Items from a data source
----
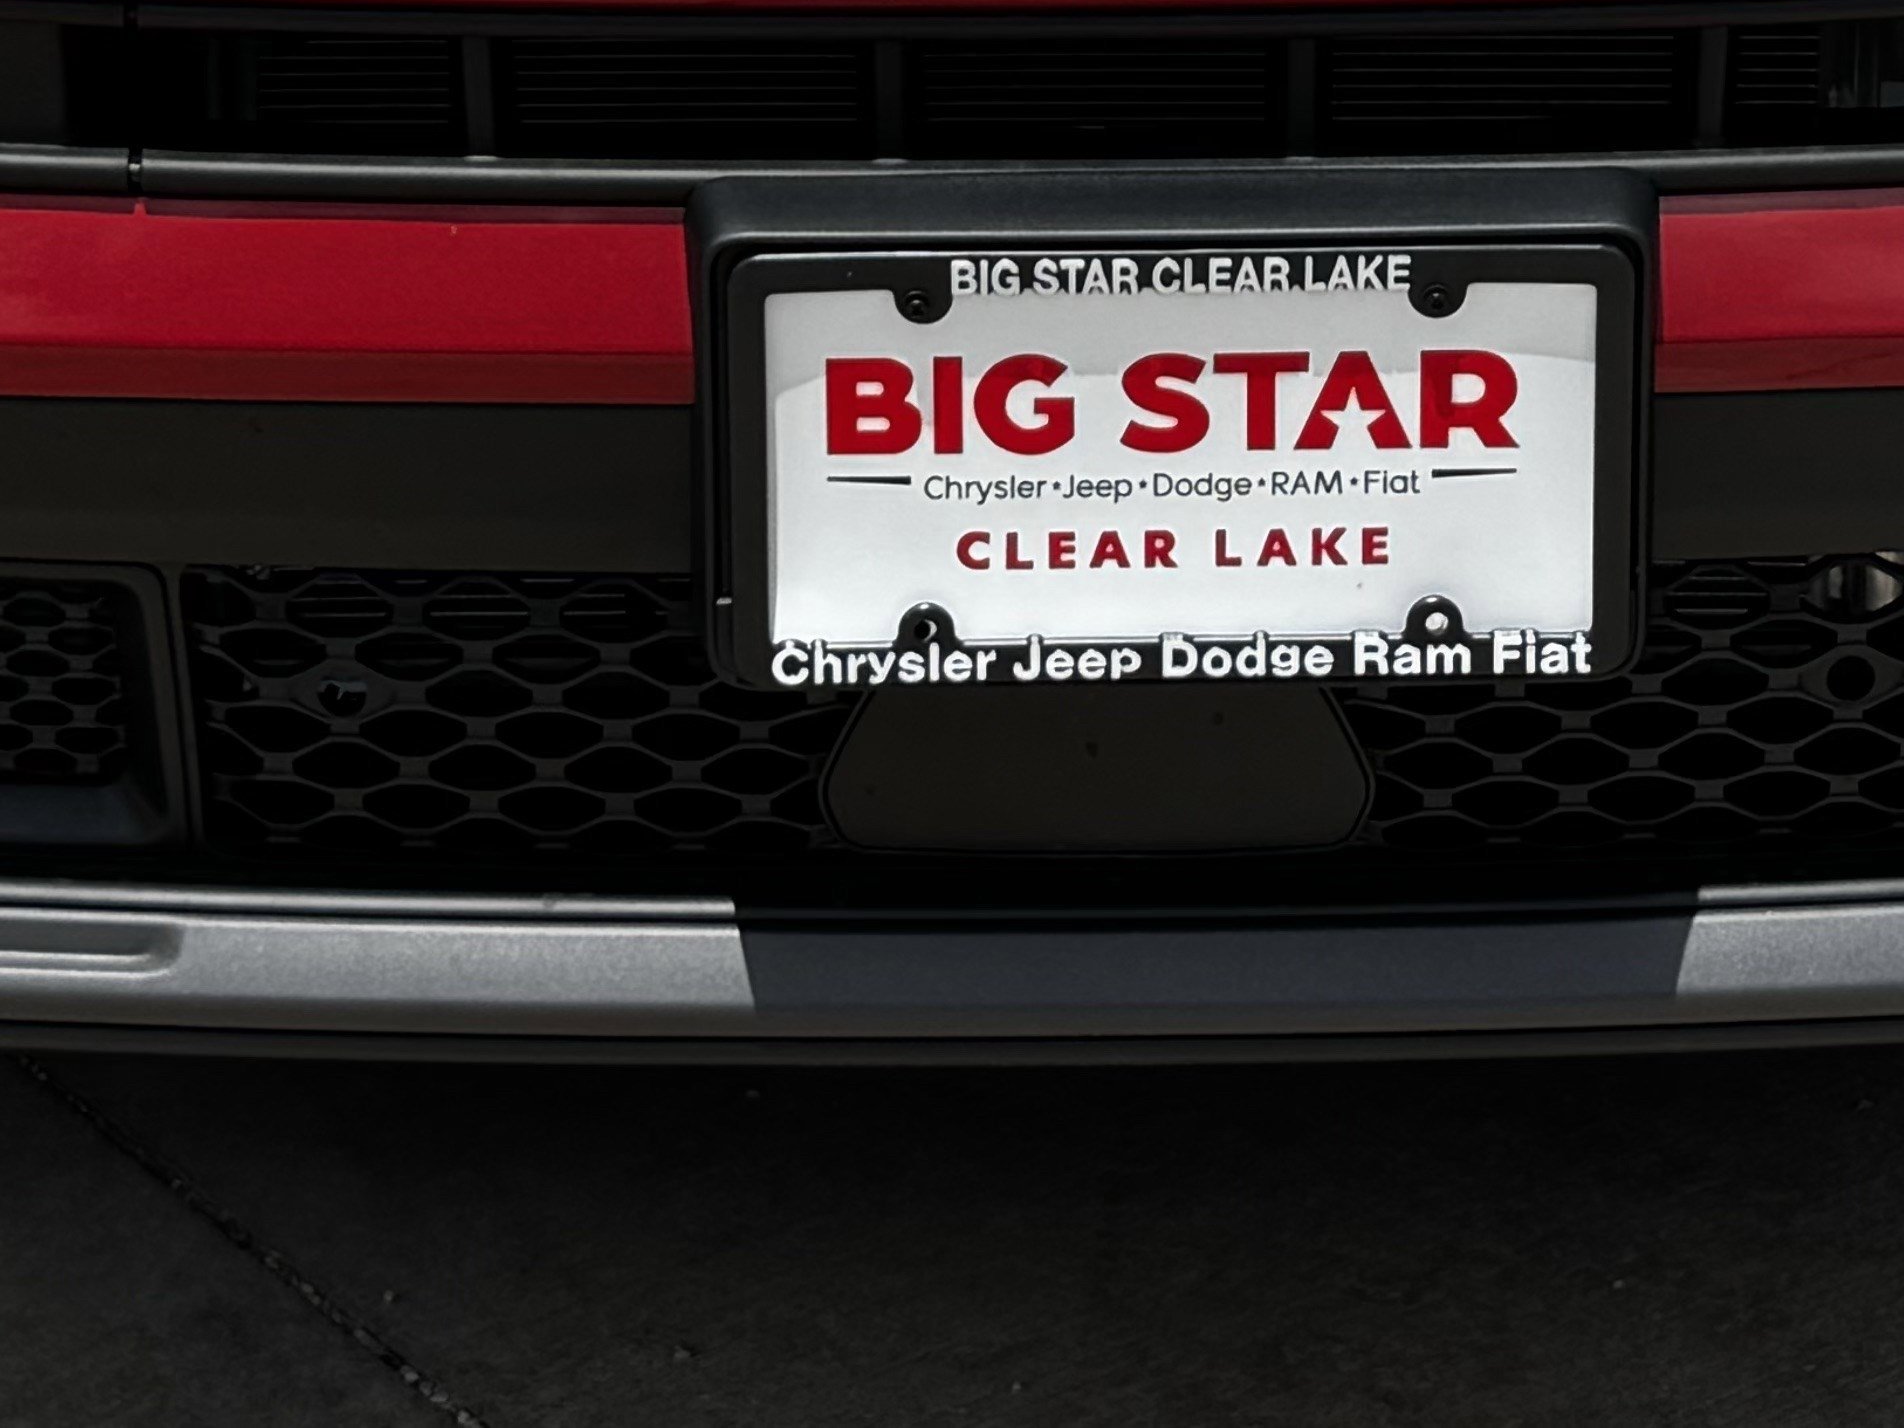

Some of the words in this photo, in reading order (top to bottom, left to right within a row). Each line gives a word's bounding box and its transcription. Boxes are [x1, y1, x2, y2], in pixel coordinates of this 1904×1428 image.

[950, 259, 1021, 296] BIG
[1032, 258, 1138, 295] STAR
[1151, 256, 1290, 293] CLEAR
[1303, 254, 1412, 292] LAKE
[825, 354, 1076, 456] BIG
[1120, 350, 1519, 453] STAR
[956, 530, 1178, 571] CLEAR
[1215, 526, 1390, 566] LAKE
[771, 638, 996, 686] Chrysler
[1013, 634, 1143, 682] Jeep
[1159, 631, 1335, 681] Dodge
[1353, 634, 1472, 676] Ram
[1492, 630, 1593, 676] Fiat
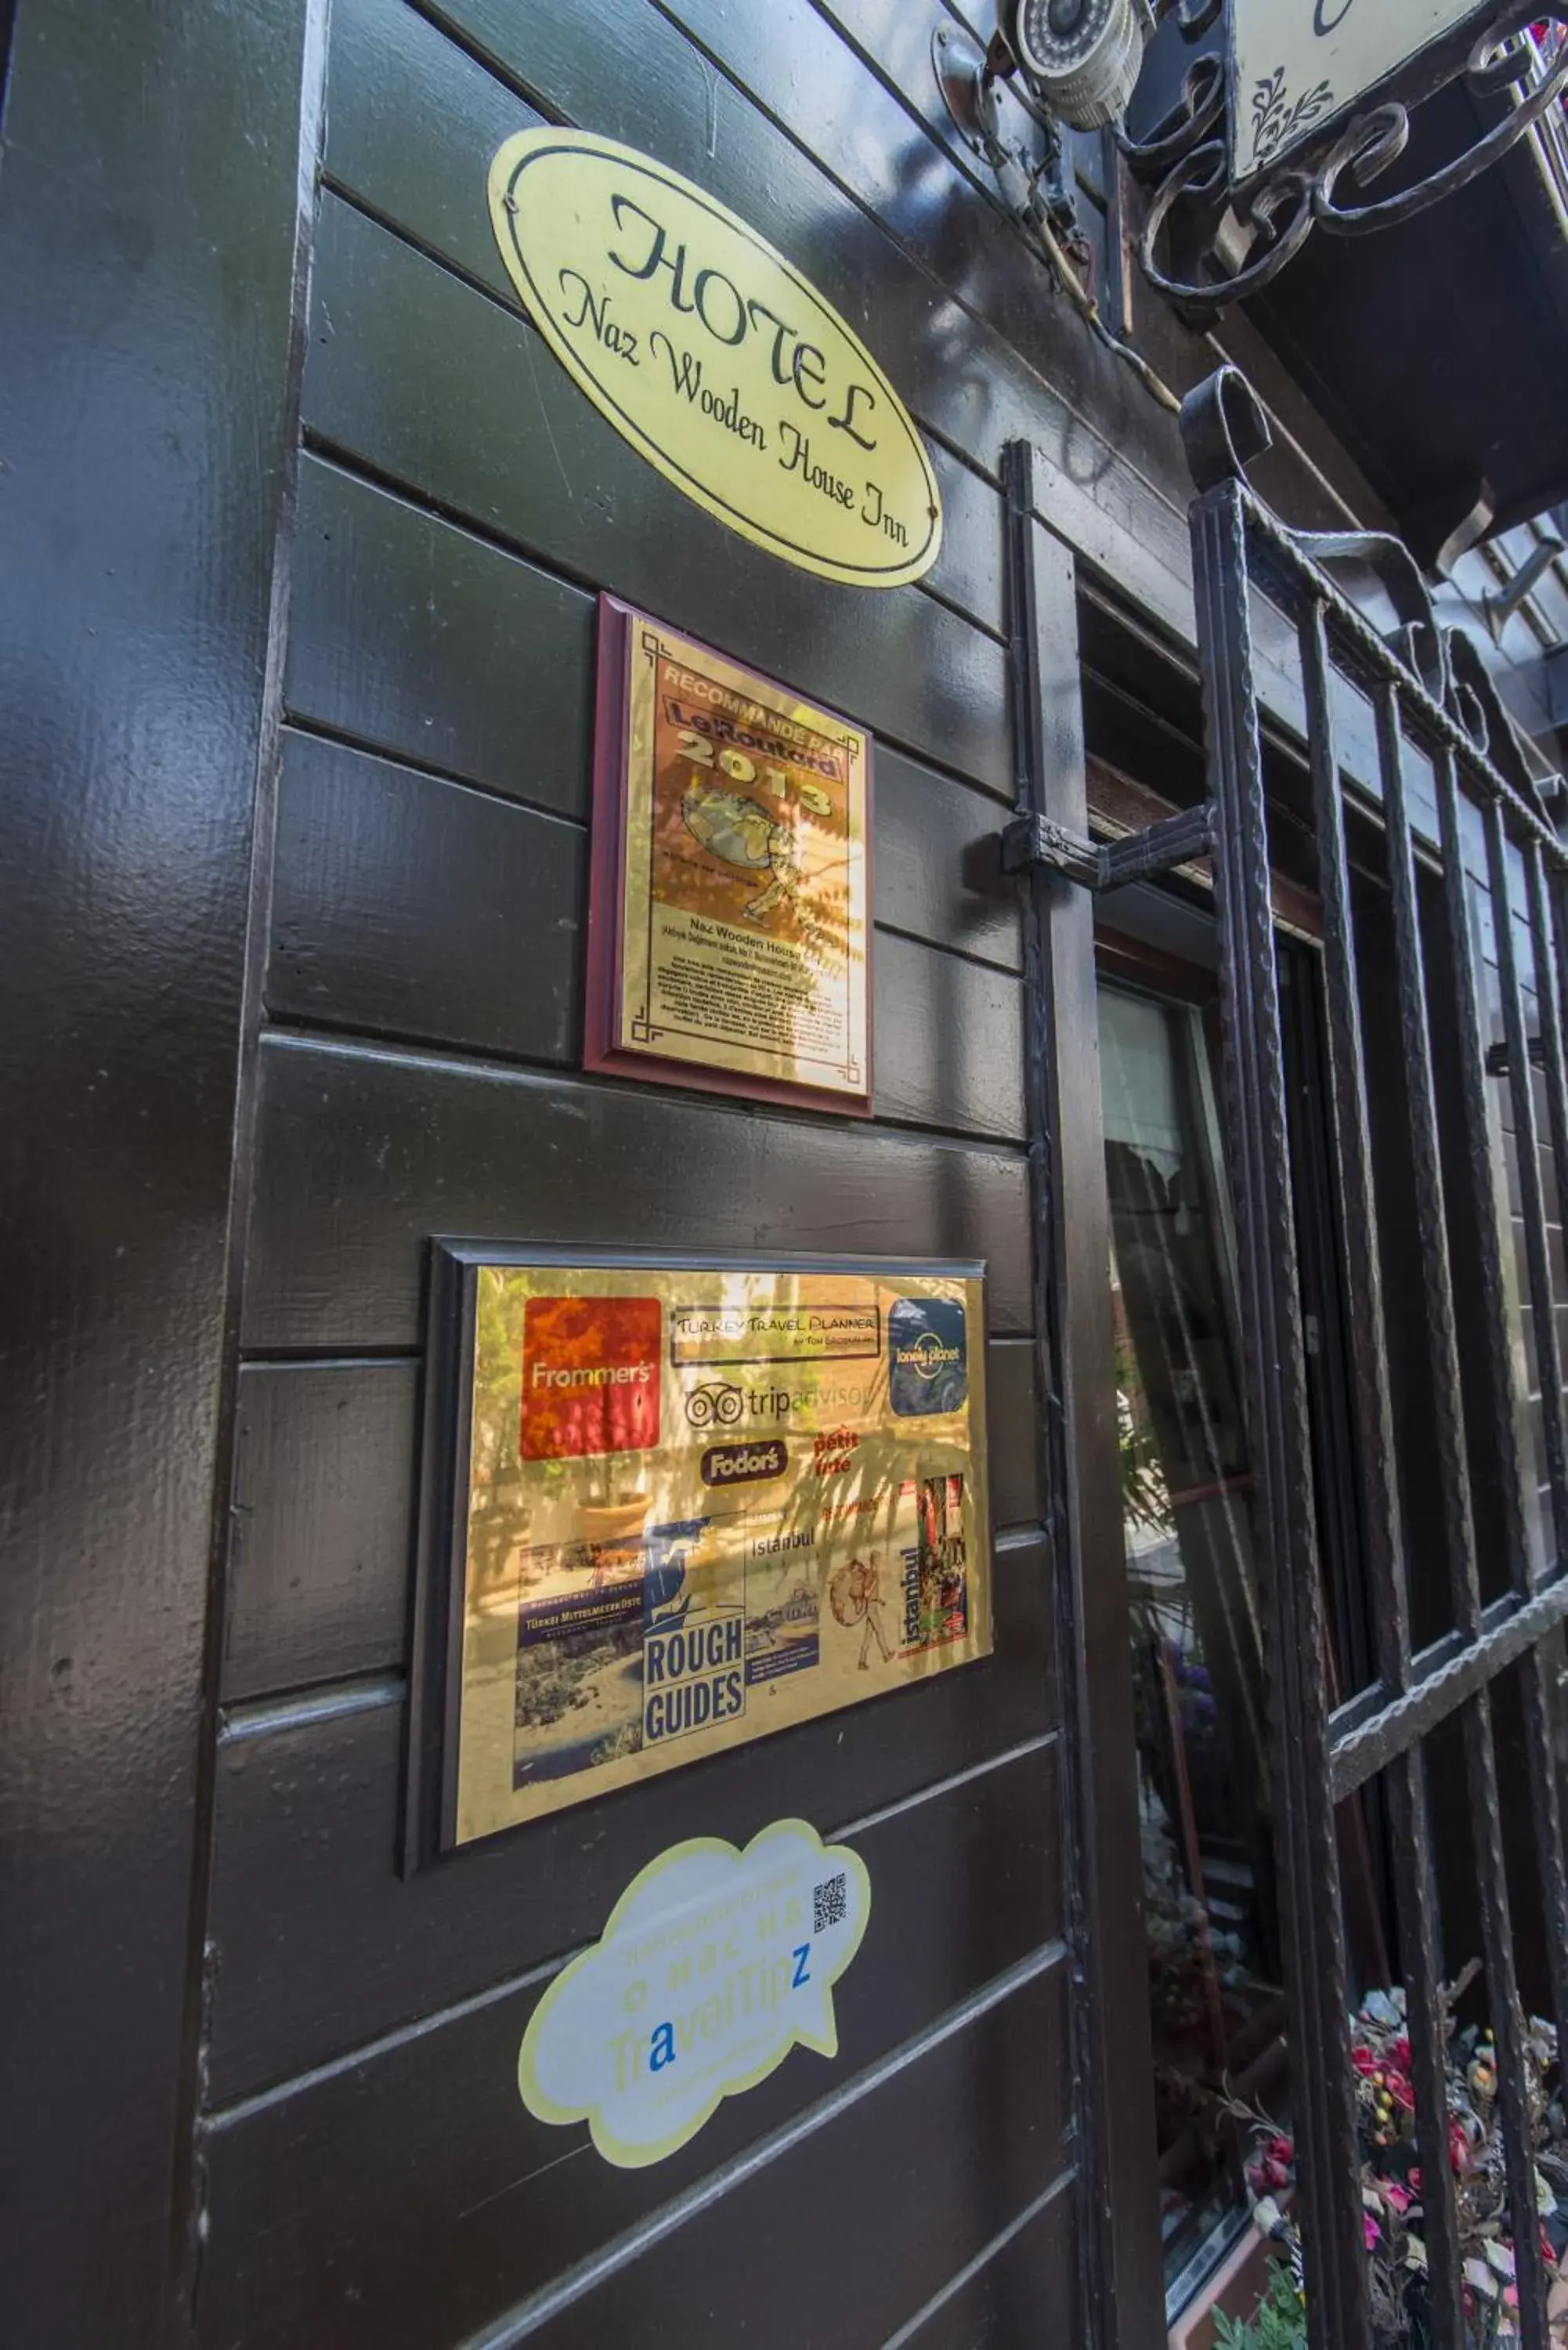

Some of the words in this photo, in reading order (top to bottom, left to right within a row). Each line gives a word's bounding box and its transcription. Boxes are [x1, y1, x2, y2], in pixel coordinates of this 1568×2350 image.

[609, 193, 876, 450] HOTEL
[559, 269, 640, 367] Naz
[650, 331, 767, 450] Wooden
[779, 421, 854, 511] House
[862, 483, 909, 548] Inn
[690, 917, 714, 935] Naz
[716, 926, 764, 949] Wooden
[767, 941, 801, 960] House
[749, 1317, 806, 1332] TRAVEL
[809, 1314, 876, 1332] PLANNER
[896, 1346, 927, 1367] lonely
[928, 1346, 960, 1366] planet
[647, 1618, 742, 1685] ROUGH
[645, 1671, 742, 1740] GUIDES
----
§ **Work instruction**
When you copy the data above, reproduce each line exactly and skip every image.

§ **Output of the exercise**
Some of the words in this photo, in reading order (top to bottom, left to right within a row). Each line gives a word's bounding box and its transcription. Boxes are [x1, y1, x2, y2], in pixel coordinates of this 1904×1428 image.

[950, 259, 1021, 296] BIG
[1032, 258, 1138, 295] STAR
[1151, 256, 1290, 293] CLEAR
[1303, 254, 1412, 292] LAKE
[825, 354, 1076, 456] BIG
[1120, 350, 1519, 453] STAR
[956, 530, 1178, 571] CLEAR
[1215, 526, 1390, 566] LAKE
[771, 638, 996, 686] Chrysler
[1013, 634, 1143, 682] Jeep
[1159, 631, 1335, 681] Dodge
[1353, 634, 1472, 676] Ram
[1492, 630, 1593, 676] Fiat

Some of the words in this photo, in reading order (top to bottom, left to right within a row). Each line gives a word's bounding box and its transcription. Boxes are [x1, y1, x2, y2], in pixel coordinates of this 1568×2350 image.

[609, 193, 876, 450] HOTEL
[559, 269, 640, 367] Naz
[650, 331, 767, 450] Wooden
[779, 421, 854, 511] House
[862, 483, 909, 548] Inn
[690, 917, 714, 935] Naz
[716, 926, 764, 949] Wooden
[767, 941, 801, 960] House
[749, 1317, 806, 1332] TRAVEL
[809, 1314, 876, 1332] PLANNER
[896, 1346, 927, 1367] lonely
[928, 1346, 960, 1366] planet
[647, 1618, 742, 1685] ROUGH
[645, 1671, 742, 1740] GUIDES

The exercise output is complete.